Raw data
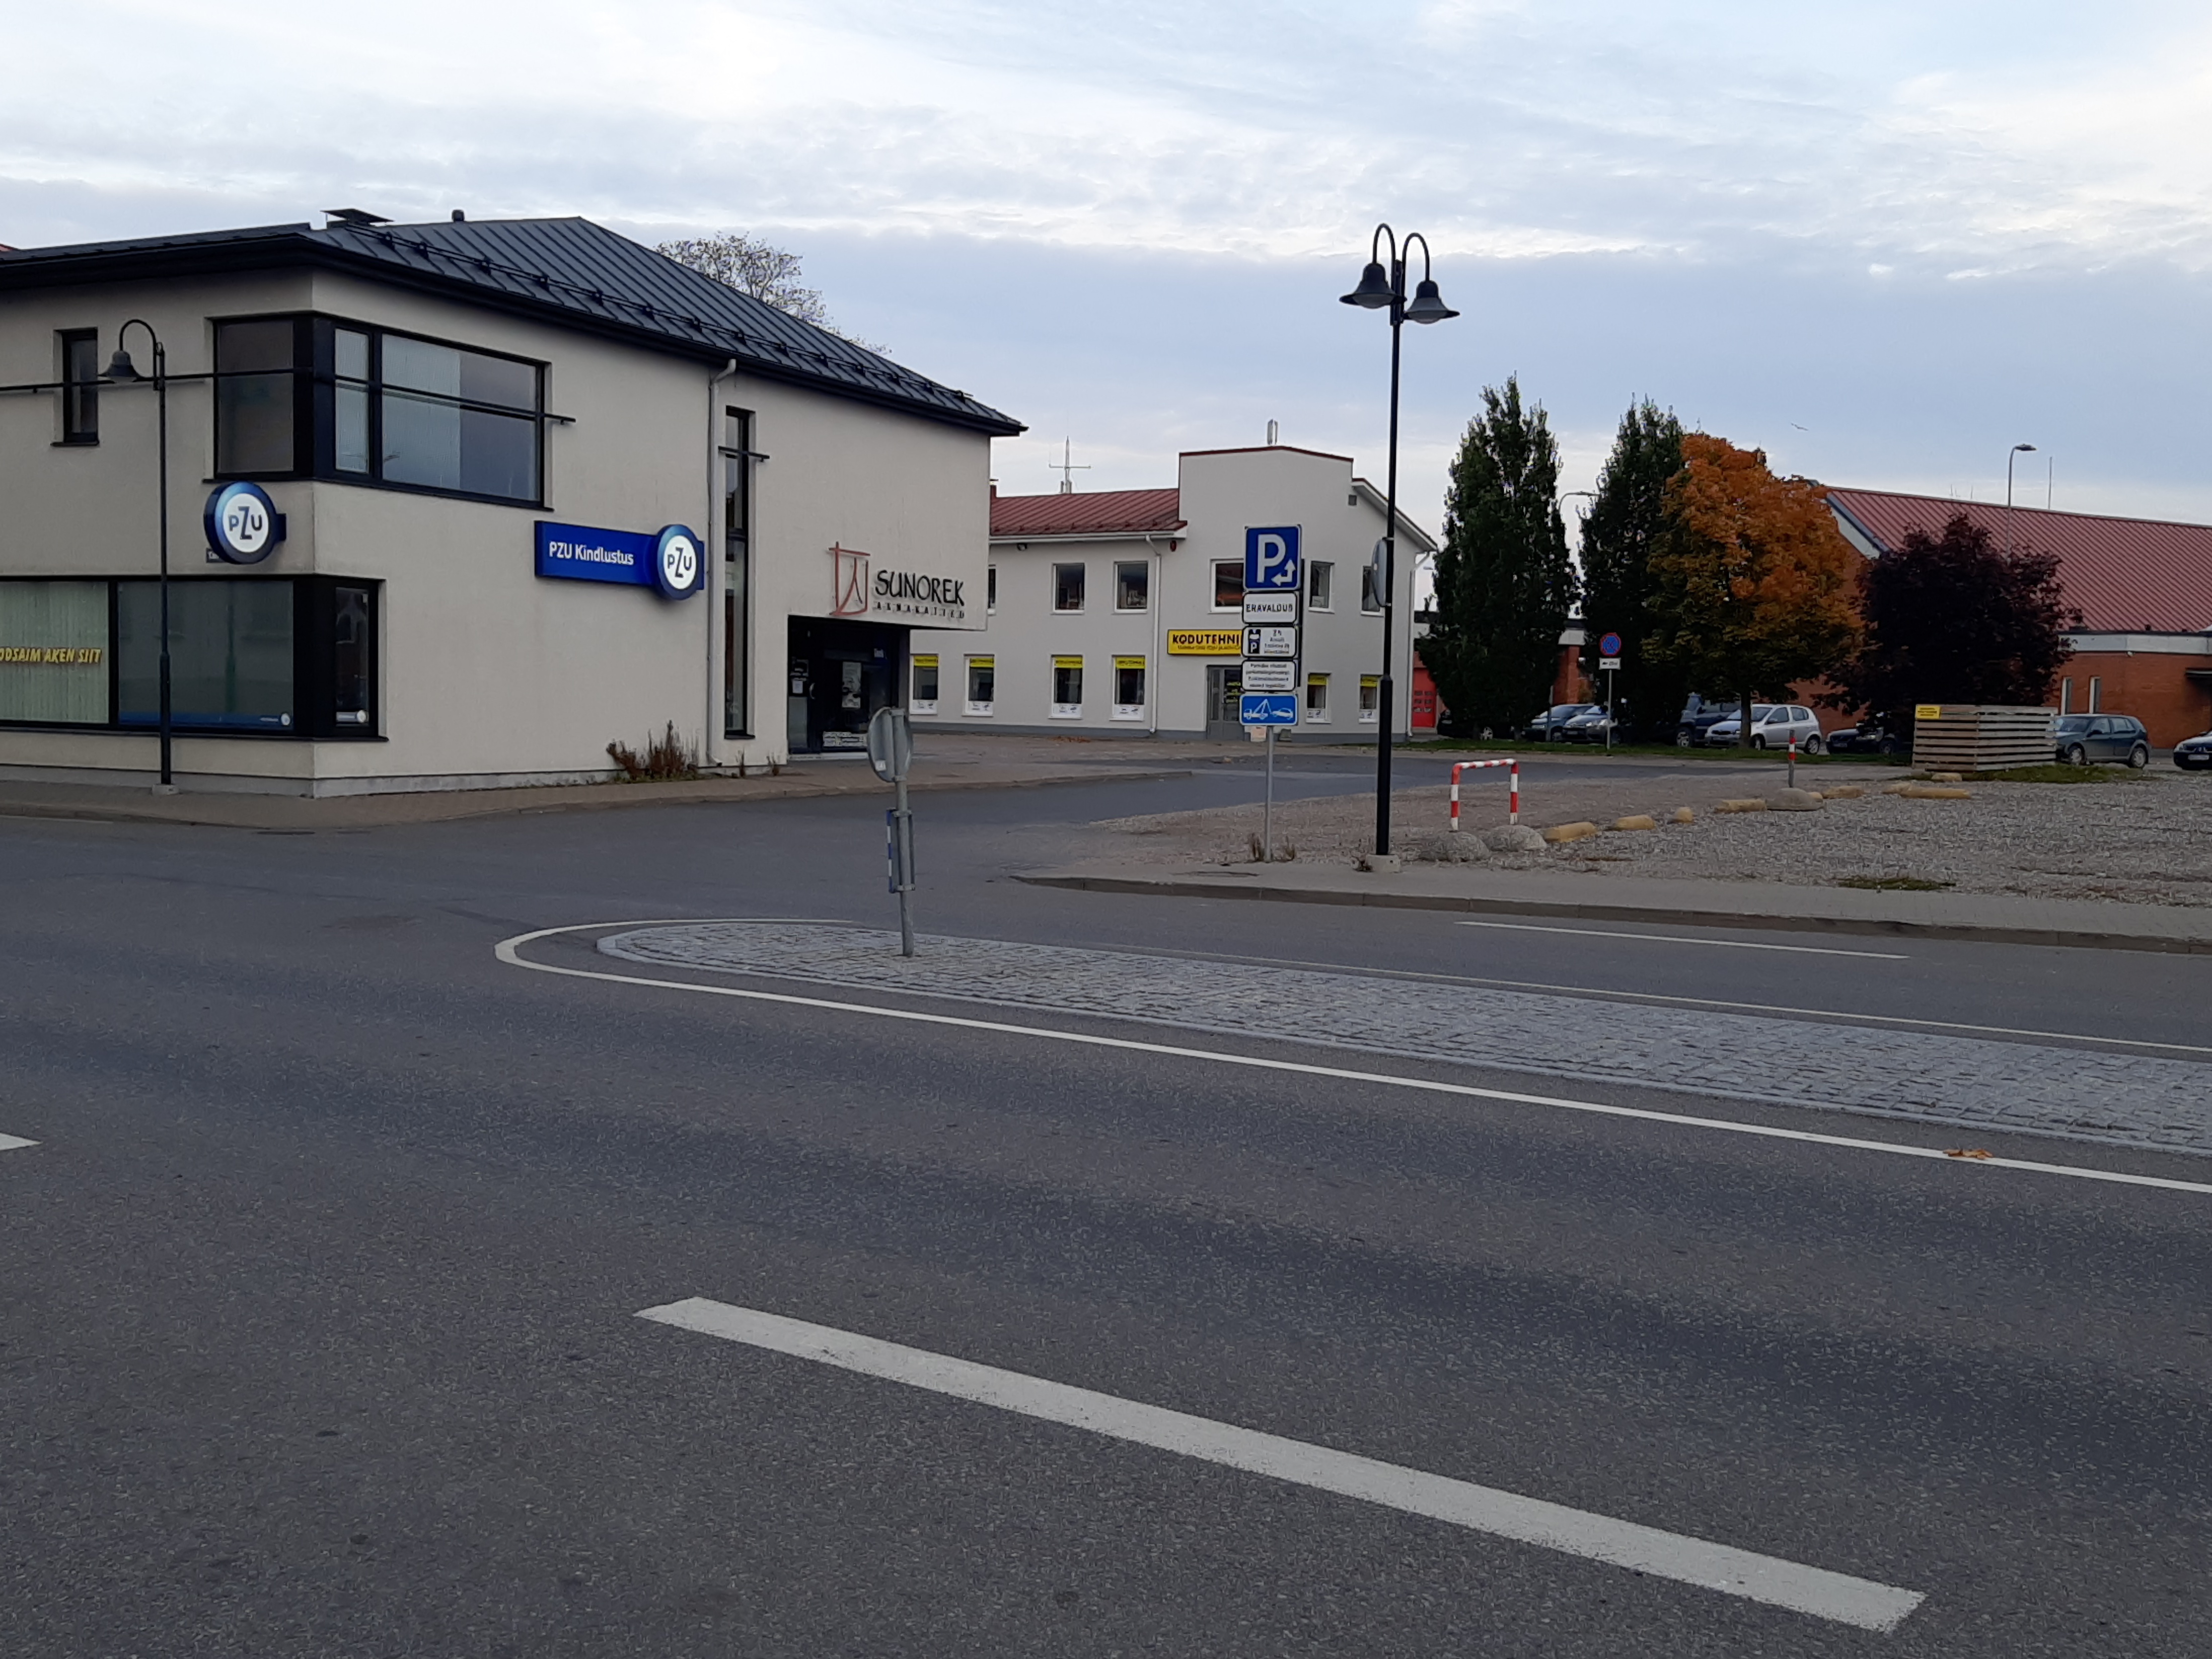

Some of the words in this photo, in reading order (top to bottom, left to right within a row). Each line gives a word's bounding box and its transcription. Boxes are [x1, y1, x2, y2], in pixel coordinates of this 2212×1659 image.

[228, 506, 262, 540] PZU
[549, 541, 572, 559] PZU
[575, 544, 634, 565] Kindlustus
[668, 547, 692, 578] PZU
[1257, 534, 1286, 583] P
[875, 569, 965, 606] SUNOREK
[44, 647, 75, 663] AKEN
[78, 648, 102, 663] SIIT
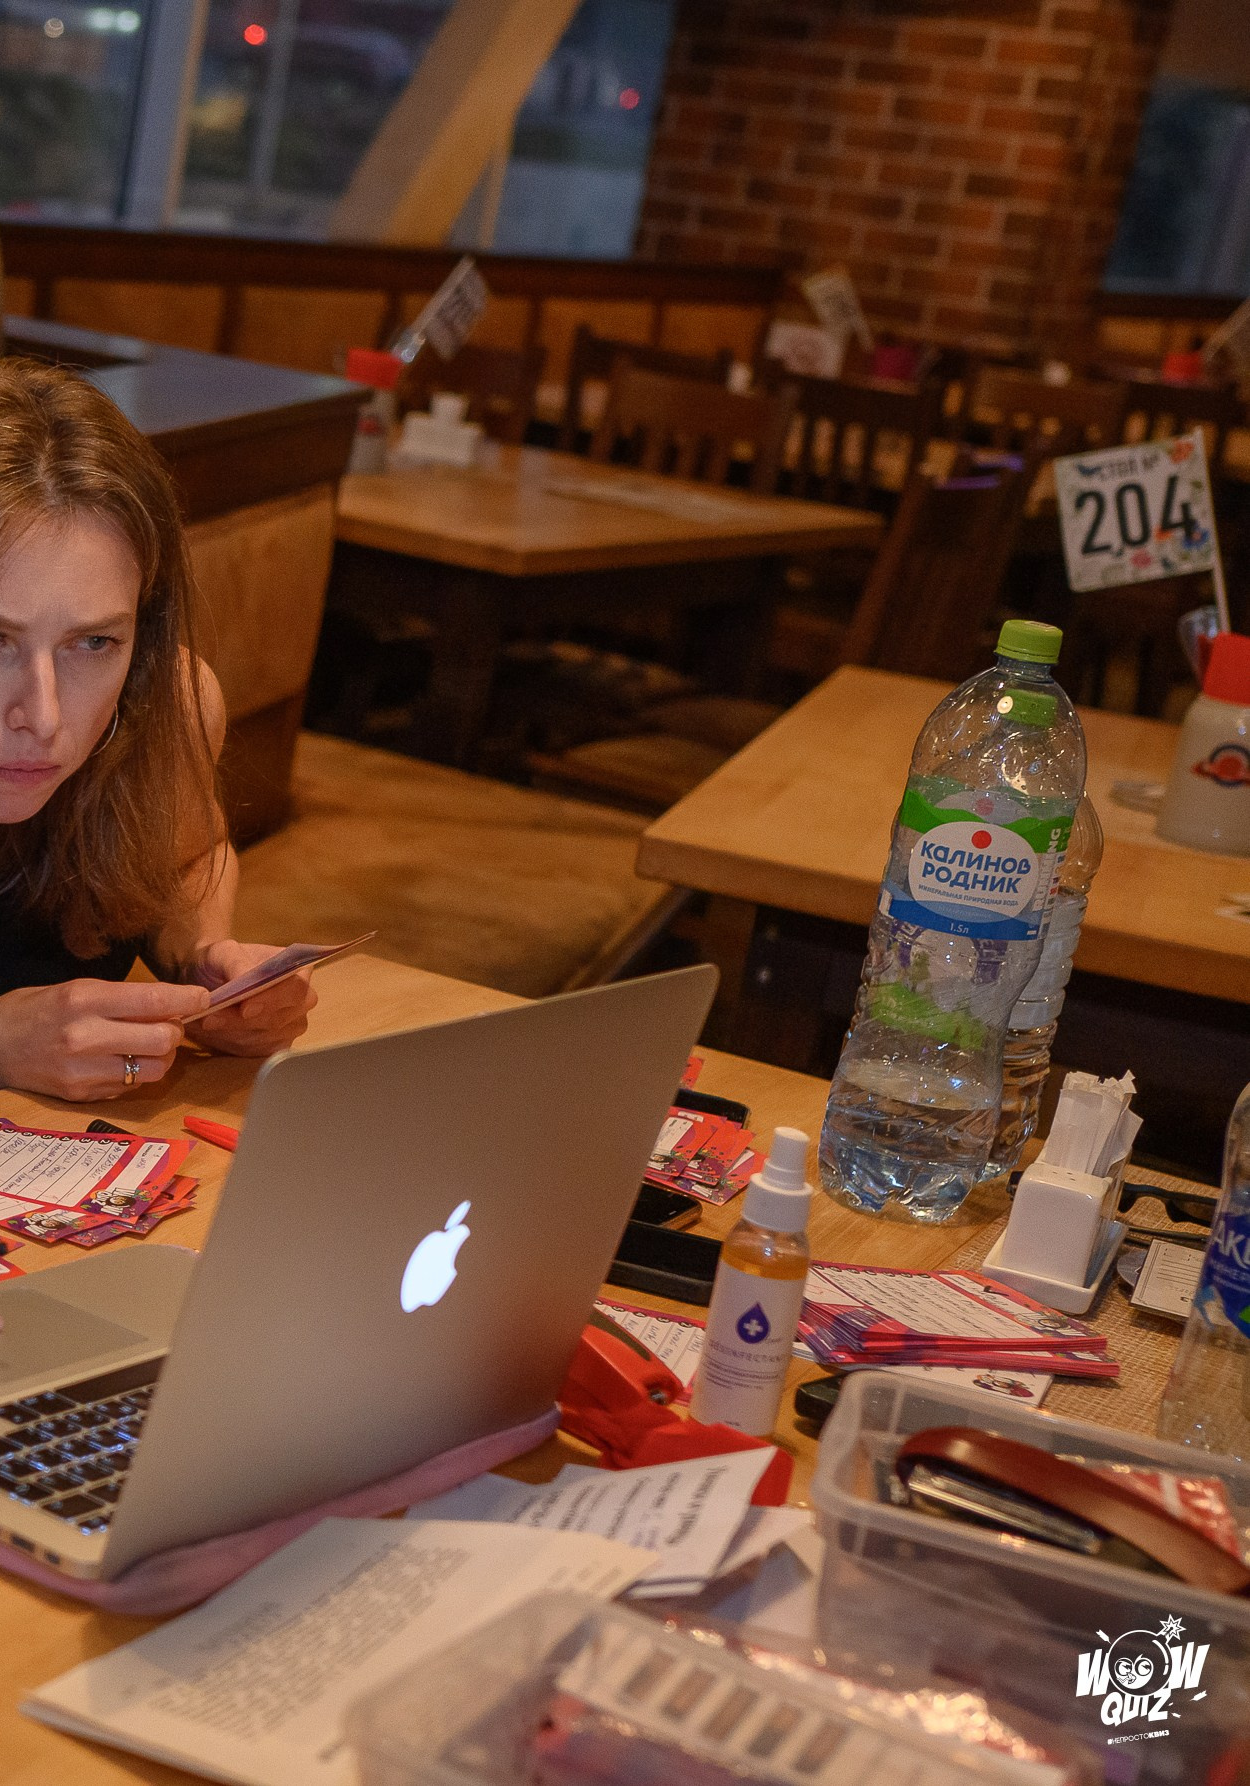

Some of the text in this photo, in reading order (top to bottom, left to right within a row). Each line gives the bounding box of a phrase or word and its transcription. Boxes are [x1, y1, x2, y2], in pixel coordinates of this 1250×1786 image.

[1074, 474, 1197, 557] 204
[921, 840, 1031, 875] КАЛИНОВ
[921, 862, 1021, 894] РОДНИК
[963, 895, 1003, 906] ПРИРОДНАЯ

Work order
The lines from the one with "Some of the text" through the final line of the data are to be reproduced exactly, both included, with no other lines.

Task output
Some of the text in this photo, in reading order (top to bottom, left to right within a row). Each line gives the bounding box of a phrase or word and its transcription. Boxes are [x1, y1, x2, y2], in pixel coordinates of this 1250×1786 image.

[1074, 474, 1197, 557] 204
[921, 840, 1031, 875] КАЛИНОВ
[921, 862, 1021, 894] РОДНИК
[963, 895, 1003, 906] ПРИРОДНАЯ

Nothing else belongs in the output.